Sight and Sound: the December 2024 issue
On the cover: Payal Kapadia on identity and her brilliant film All We Imagine as Light Inside: David Lynch’s musings, Andrea Arnold on Bird, Ralph Fiennes and Edward Berger on Conclave, archive Isabelle Huppert and the latest edition of Black Film Bulletin
“Like the neorealists before her, Payal Kapadia is an urban film poet. In Sight and Sound in 1950, chafing against the neorealist tag, Vittorio De Sica argued that his real goal in films such as Bicycle Thieves (1948) was not simply to capture reality but to “transpose [it] into the poetical plane”. He did not see any future in neorealism unless it “surmounted the barrier separating the documentary from drama and poetry”.

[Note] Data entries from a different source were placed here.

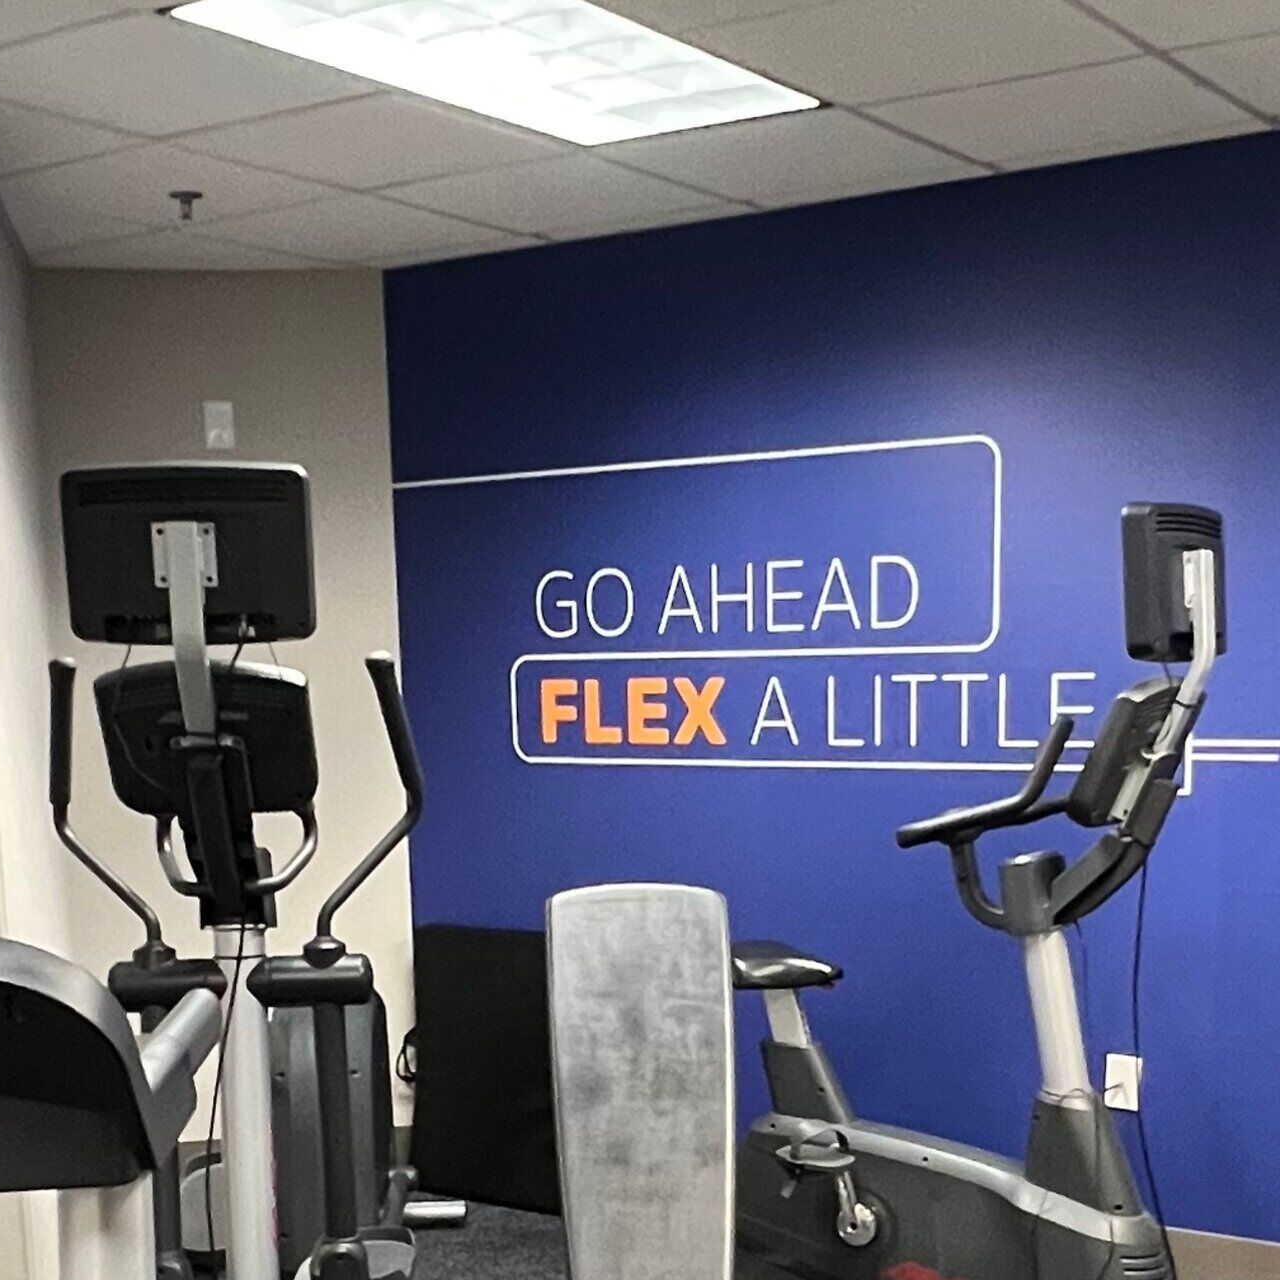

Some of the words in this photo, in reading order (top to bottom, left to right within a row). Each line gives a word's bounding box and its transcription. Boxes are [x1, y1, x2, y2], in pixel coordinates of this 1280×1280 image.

[534, 567, 635, 640] GO
[656, 553, 921, 636] AHEAD
[539, 676, 728, 745] FLEX
[749, 675, 800, 747] A
[826, 670, 1098, 750] LITTLE

What swept away the audiences who saw All We Imagine as Light in Cannes was precisely this lack of separation. The meditative and lyrical manner in which Kapadia films Prabha’s story during Mumbai’s monsoon season uncovers poetry in banal, everyday spaces and objects, from congested train carriages to hospitals to clothes on a rooftop washing line.
The number of ways Kapadia finds to capture the colour blue alone demonstrates her remarkable talent, not to mention the way her film encompasses a plea for tolerance, a critique of rampant urban development and an ode to underappreciated labour while also savouring the delights of romance and friendship.”
— Isabel Stevens in her cover feature, an exclusive interview with Payal Kapadia for All We Imagine as Light
Features
“There are a lot of things I want to talk about in my film that cannot be expressed in words”
Audiences and critics at Cannes were swept away by Payal Kapadia’s first fiction feature All We Imagine as Light, the moving story of the lives of three women as well as a thrumming, lyrical portrait of contemporary Mumbai. She talks about reality and fiction, filmmaking in India and where hope can still be found. Words by Isabel Stevens, portrait by Thomas Laisne.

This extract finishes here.